L’histoire de Zina se déploie comme un roman policier. L’avocate l’encourage à poursuivre l’homme qui l’avait initialement convaincue de partir en Syrie. Les flashbacks qui nous montrent comment elle est tombée amoureuse et s’est fait manipuler sont maladroits, et créent de fait une certaine confusion dans la narration. L’histoire se complique encore plus avec la bataille intérieure que mène Djo pour parvenir à accepter de porter l’enfant d’un de ses violeurs.

Le point fort du film est le portrait que Nouri Bouzid nous livre de l’ensemble de cette société qui condamne les jeunes femmes, ne leur montre absolument aucune compassion et les traite comme des parias. Cette vague de critiques est encore renforcée et aggravée par les messages publiés sur les réseaux sociaux. Ces jeunes Tunisiennes sont salies à jamais. Bouzid s’attaque à la société tunisienne et lui reproche de ne pas avoir réussi à reconnaître et pallier les pressions sociales et culturelles qui ont mené au départ des jeunes filles en Syrie.

Il s’agit d’un sujet d’actualité et d’un problème mondial. Le gouvernement britannique a récemment choisi de retirer la nationalité britannique à une adolescente plutôt que d’essayer de comprendre sa situation et d’encourager sa réinsertion sociale, voire de l’incarcérer pour la réinsérer ensuite dans la société.

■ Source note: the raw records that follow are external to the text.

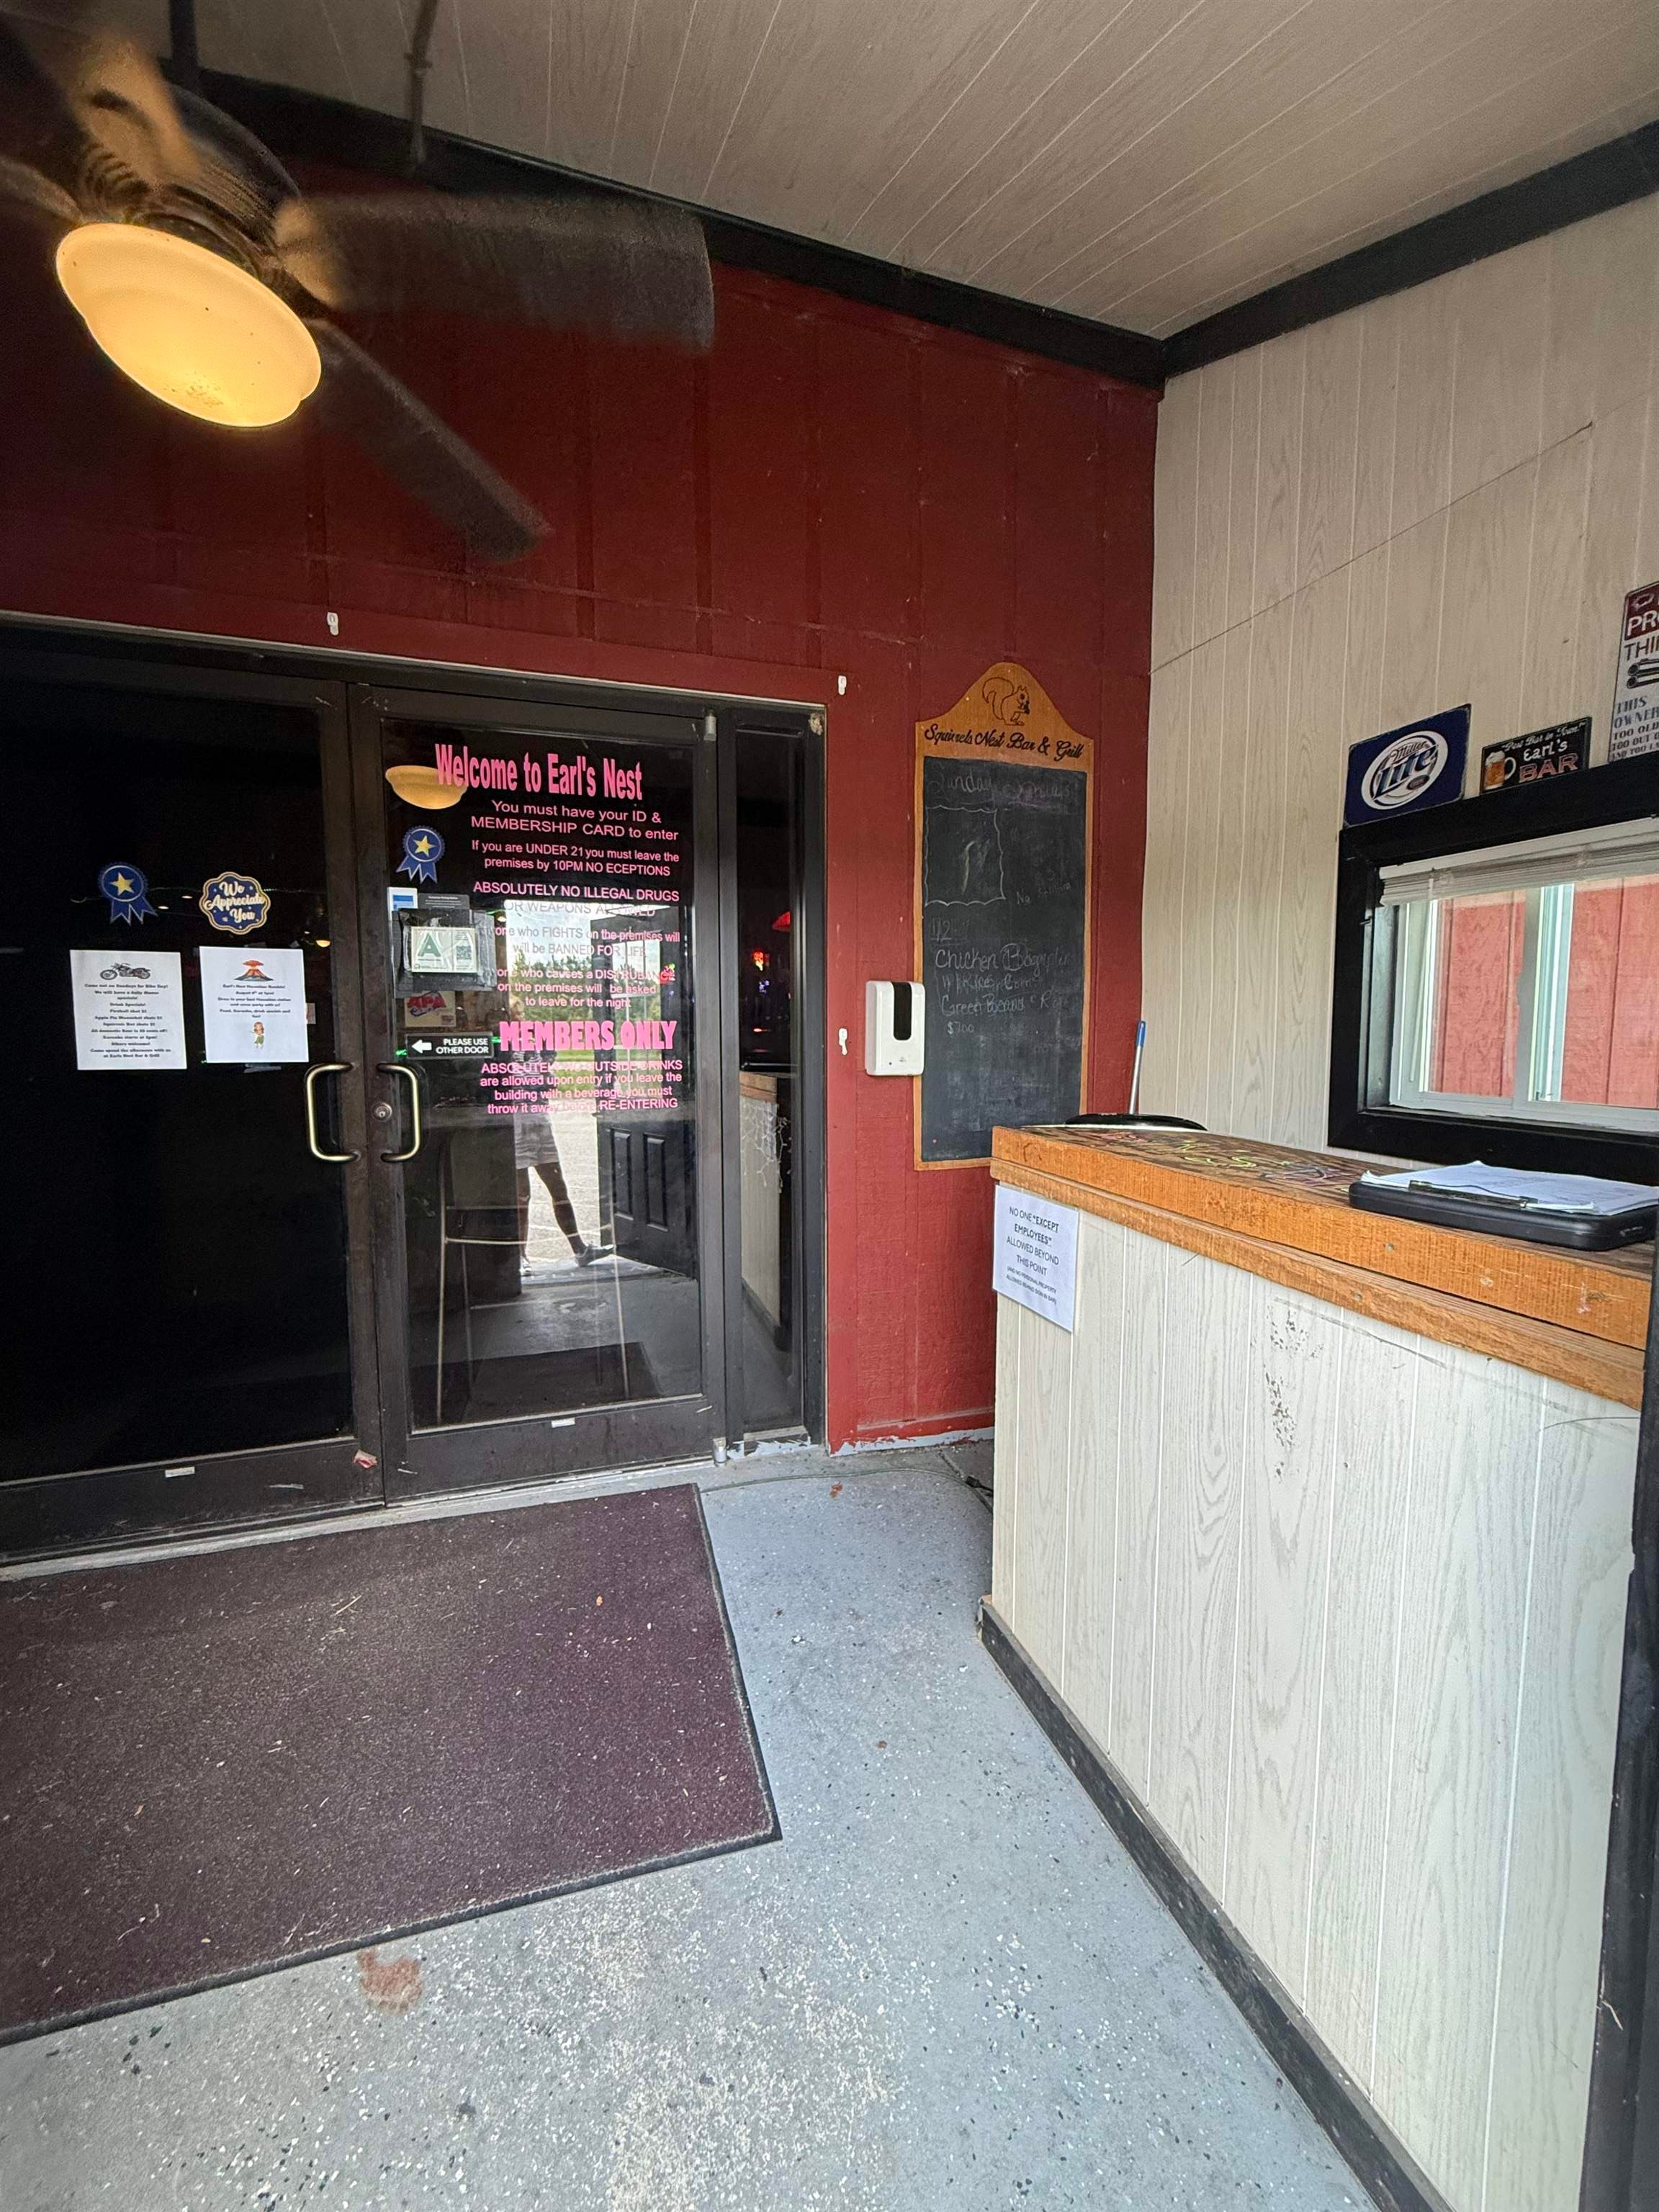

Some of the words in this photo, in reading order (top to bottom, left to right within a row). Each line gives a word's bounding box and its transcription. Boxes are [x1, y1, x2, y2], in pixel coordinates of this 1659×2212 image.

[1617, 696, 1648, 714] THIS
[925, 724, 973, 745] Squirrels
[975, 729, 1005, 748] Nest
[1007, 732, 1035, 750] Bar
[1038, 737, 1051, 755] &
[1053, 740, 1084, 762] Grill
[1612, 739, 1629, 751] TOO
[1632, 734, 1649, 745] OUT
[1614, 728, 1634, 740] TOO
[1390, 740, 1431, 762] Miller
[1630, 745, 1646, 755] TOO
[435, 743, 518, 791] Welcome
[523, 752, 541, 793] to
[548, 753, 596, 797] Earl's
[603, 758, 642, 800] Nest
[1374, 747, 1437, 799] Lite
[1519, 752, 1579, 783] BAR
[492, 799, 518, 813] You
[523, 805, 558, 816] must
[562, 805, 595, 819] have
[599, 809, 628, 822] your
[632, 811, 647, 822] ID
[652, 812, 662, 824] &
[471, 816, 577, 833] MEMBERSHIP
[583, 823, 625, 837] CARD
[629, 827, 642, 838] to
[645, 830, 679, 840] enter
[472, 840, 480, 850] If
[482, 842, 502, 853] you
[505, 844, 523, 853] are
[526, 843, 568, 855] UNDER
[571, 846, 583, 857] 21
[585, 848, 604, 859] you
[607, 850, 631, 859] must
[634, 850, 661, 861] leave
[663, 852, 680, 862] the
[484, 858, 534, 869] premises
[536, 859, 549, 872] by
[553, 860, 583, 872] 10PM
[586, 862, 603, 873] NO
[606, 863, 670, 876] ECEPTIONS
[219, 881, 245, 896] We
[473, 881, 558, 896] ABSOLUTELY
[561, 886, 580, 897] NO
[584, 886, 634, 899] ILLEGAL
[637, 889, 680, 901] DRUGS
[205, 892, 266, 911] Appreciate
[504, 901, 524, 912] OR
[527, 902, 591, 914] WEAPONS
[230, 908, 256, 923] You
[518, 925, 539, 936] who
[541, 927, 583, 938] FIGHTS
[588, 930, 598, 939] on
[601, 929, 616, 940] the
[619, 930, 663, 942] premises
[665, 932, 680, 943] will
[418, 932, 441, 957] A
[513, 943, 529, 953] will
[532, 943, 545, 954] be
[548, 944, 595, 955] BANNED
[597, 945, 621, 956] FOR
[935, 948, 999, 972] Chicken
[521, 968, 543, 978] who
[546, 970, 583, 979] causes
[498, 983, 511, 992] on
[515, 982, 531, 992] the
[534, 983, 583, 993] premises
[585, 984, 602, 993] will
[610, 984, 622, 994] be
[626, 984, 657, 994] asked
[526, 997, 536, 1006] to
[539, 997, 567, 1007] leave
[570, 997, 585, 1007] for
[587, 997, 603, 1007] the
[606, 998, 631, 1010] night
[942, 994, 981, 1017] Green
[499, 1020, 614, 1051] MEMBERS
[620, 1020, 677, 1050] ONLY
[641, 1059, 683, 1071] DRINKS
[480, 1078, 499, 1087] are
[502, 1075, 544, 1086] allowed
[547, 1076, 574, 1087] upon
[576, 1075, 603, 1086] entry
[606, 1073, 612, 1083] if
[614, 1075, 633, 1085] you
[636, 1073, 663, 1083] leave
[666, 1072, 682, 1082] the
[495, 1089, 538, 1102] building
[540, 1089, 562, 1099] with
[575, 1087, 624, 1099] beverage
[648, 1086, 673, 1096] must
[487, 1103, 518, 1114] throw
[521, 1103, 528, 1113] it
[599, 1098, 678, 1110] RE-ENTERING
[1010, 1206, 1018, 1217] NO
[1020, 1210, 1032, 1222] ONE
[1007, 1236, 1033, 1254] ALLOWED
[1035, 1247, 1059, 1265] BEYOND
[1017, 1254, 1029, 1268] THIS
[1030, 1261, 1047, 1276] POINT
[1022, 1272, 1038, 1285] PERSONAL
[1038, 1280, 1057, 1294] PROPERTY
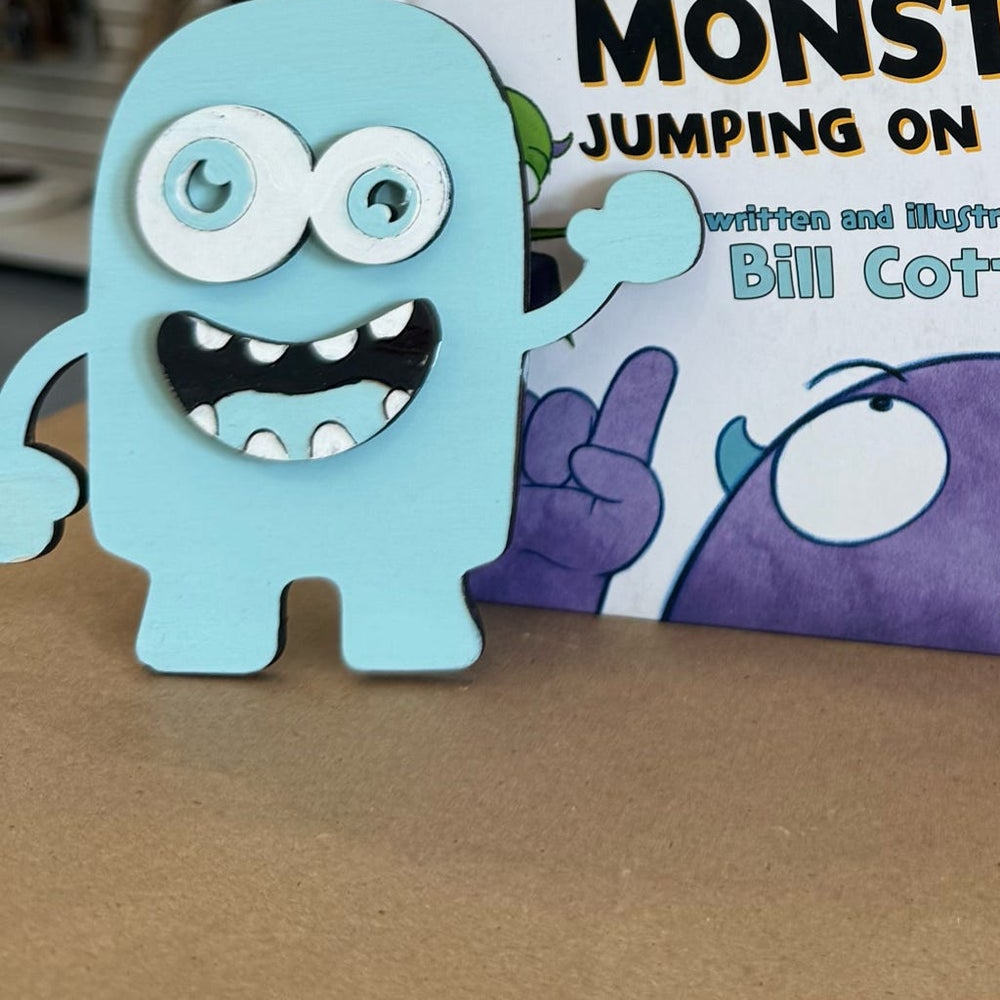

Le film, hélas, peine à développer cette idée générale et à aller à l’essentiel, ce qui tend à diminuer la portée d'un message autrement puissant. Dans leur travail de reconstruction personnelle, Nadia et Zina se retrouvent parfois face à des événements bien sombres. Djo s’enferme dans le mutisme et commence à écrire un roman intitulé Halal Rape ("Viol légitime"). L’expérience est violente : elle commence à perdre la raison et à écrire des noms de personnes sur les murs. Des images de murs reviennent d’ailleurs tout au long du film. Et comme si ces histoires sinistres n’étaient pas suffisantes, Bouzid s’attaque également à l’oppression subie par les homosexuels et au manque de sécurité pour les femmes dans les lieux publics. Entre sa tentative de créer un travail d’enquête et celle de relater dans le détail différents récits, le film a du mal à prendre forme et à véritablement démarrer.

On regrette que l’histoire soit si ambiguë et exagérément compliquée, car le propos est puissant, grave et engagé. Bouzid nous révèle comment les problèmes naissent en Tunisie et sont entretenus par la société patriarcale. Il utilise la famille de Zina, en particulier son père et son comportement erratique, pour symboliser ce malaise.

Les Épouvantails est une coproduction entre la Tunisie, le Maroc et le Luxembourg qui a réuni les efforts de Mésanges Films, Lycia Productions et Samsa Film. Ses ventes à l’international sont assurées par MPM Premium.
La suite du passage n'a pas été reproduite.